Your answer should be the complete data, copied exactly.

» Excerpted data
------------------------------------------------------------------------
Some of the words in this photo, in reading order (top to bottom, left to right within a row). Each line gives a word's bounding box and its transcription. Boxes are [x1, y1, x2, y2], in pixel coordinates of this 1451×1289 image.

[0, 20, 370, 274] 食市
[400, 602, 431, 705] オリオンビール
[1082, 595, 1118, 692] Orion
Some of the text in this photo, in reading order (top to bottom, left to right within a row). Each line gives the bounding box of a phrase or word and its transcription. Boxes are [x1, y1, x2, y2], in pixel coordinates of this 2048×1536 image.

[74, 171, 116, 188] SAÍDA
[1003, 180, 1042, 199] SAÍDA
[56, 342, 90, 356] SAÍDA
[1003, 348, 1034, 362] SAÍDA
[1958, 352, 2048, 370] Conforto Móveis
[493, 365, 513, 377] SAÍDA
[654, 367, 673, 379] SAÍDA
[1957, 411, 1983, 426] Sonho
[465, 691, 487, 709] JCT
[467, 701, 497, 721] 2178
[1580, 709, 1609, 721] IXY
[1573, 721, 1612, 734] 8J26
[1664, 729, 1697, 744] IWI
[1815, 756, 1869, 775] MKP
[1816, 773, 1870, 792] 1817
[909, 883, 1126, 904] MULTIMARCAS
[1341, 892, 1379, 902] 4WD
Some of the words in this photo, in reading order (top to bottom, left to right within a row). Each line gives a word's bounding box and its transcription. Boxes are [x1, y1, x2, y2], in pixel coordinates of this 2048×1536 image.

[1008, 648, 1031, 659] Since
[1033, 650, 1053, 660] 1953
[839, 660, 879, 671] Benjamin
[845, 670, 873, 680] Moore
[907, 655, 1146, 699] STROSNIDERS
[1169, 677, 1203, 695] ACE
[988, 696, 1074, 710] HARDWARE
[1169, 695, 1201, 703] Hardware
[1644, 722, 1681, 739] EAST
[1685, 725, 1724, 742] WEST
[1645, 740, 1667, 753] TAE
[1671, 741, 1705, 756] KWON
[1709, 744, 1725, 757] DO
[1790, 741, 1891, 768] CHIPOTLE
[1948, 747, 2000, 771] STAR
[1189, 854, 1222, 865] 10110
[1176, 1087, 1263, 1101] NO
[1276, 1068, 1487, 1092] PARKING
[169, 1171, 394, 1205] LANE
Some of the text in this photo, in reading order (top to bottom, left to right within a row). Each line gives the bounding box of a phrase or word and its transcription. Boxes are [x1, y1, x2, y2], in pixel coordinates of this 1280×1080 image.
------------------------------------------------------------------------
» Response to this task
Some of the words in this photo, in reading order (top to bottom, left to right within a row). Each line gives a word's bounding box and its transcription. Boxes are [x1, y1, x2, y2], in pixel coordinates of this 1451×1289 image.

[0, 20, 370, 274] 食市
[400, 602, 431, 705] オリオンビール
[1082, 595, 1118, 692] Orion
Some of the text in this photo, in reading order (top to bottom, left to right within a row). Each line gives the bounding box of a phrase or word and its transcription. Boxes are [x1, y1, x2, y2], in pixel coordinates of this 2048×1536 image.

[74, 171, 116, 188] SAÍDA
[1003, 180, 1042, 199] SAÍDA
[56, 342, 90, 356] SAÍDA
[1003, 348, 1034, 362] SAÍDA
[1958, 352, 2048, 370] Conforto Móveis
[493, 365, 513, 377] SAÍDA
[654, 367, 673, 379] SAÍDA
[1957, 411, 1983, 426] Sonho
[465, 691, 487, 709] JCT
[467, 701, 497, 721] 2178
[1580, 709, 1609, 721] IXY
[1573, 721, 1612, 734] 8J26
[1664, 729, 1697, 744] IWI
[1815, 756, 1869, 775] MKP
[1816, 773, 1870, 792] 1817
[909, 883, 1126, 904] MULTIMARCAS
[1341, 892, 1379, 902] 4WD
Some of the words in this photo, in reading order (top to bottom, left to right within a row). Each line gives a word's bounding box and its transcription. Boxes are [x1, y1, x2, y2], in pixel coordinates of this 2048×1536 image.

[1008, 648, 1031, 659] Since
[1033, 650, 1053, 660] 1953
[839, 660, 879, 671] Benjamin
[845, 670, 873, 680] Moore
[907, 655, 1146, 699] STROSNIDERS
[1169, 677, 1203, 695] ACE
[988, 696, 1074, 710] HARDWARE
[1169, 695, 1201, 703] Hardware
[1644, 722, 1681, 739] EAST
[1685, 725, 1724, 742] WEST
[1645, 740, 1667, 753] TAE
[1671, 741, 1705, 756] KWON
[1709, 744, 1725, 757] DO
[1790, 741, 1891, 768] CHIPOTLE
[1948, 747, 2000, 771] STAR
[1189, 854, 1222, 865] 10110
[1176, 1087, 1263, 1101] NO
[1276, 1068, 1487, 1092] PARKING
[169, 1171, 394, 1205] LANE
Some of the text in this photo, in reading order (top to bottom, left to right within a row). Each line gives the bounding box of a phrase or word and its transcription. Boxes are [x1, y1, x2, y2], in pixel coordinates of this 1280×1080 image.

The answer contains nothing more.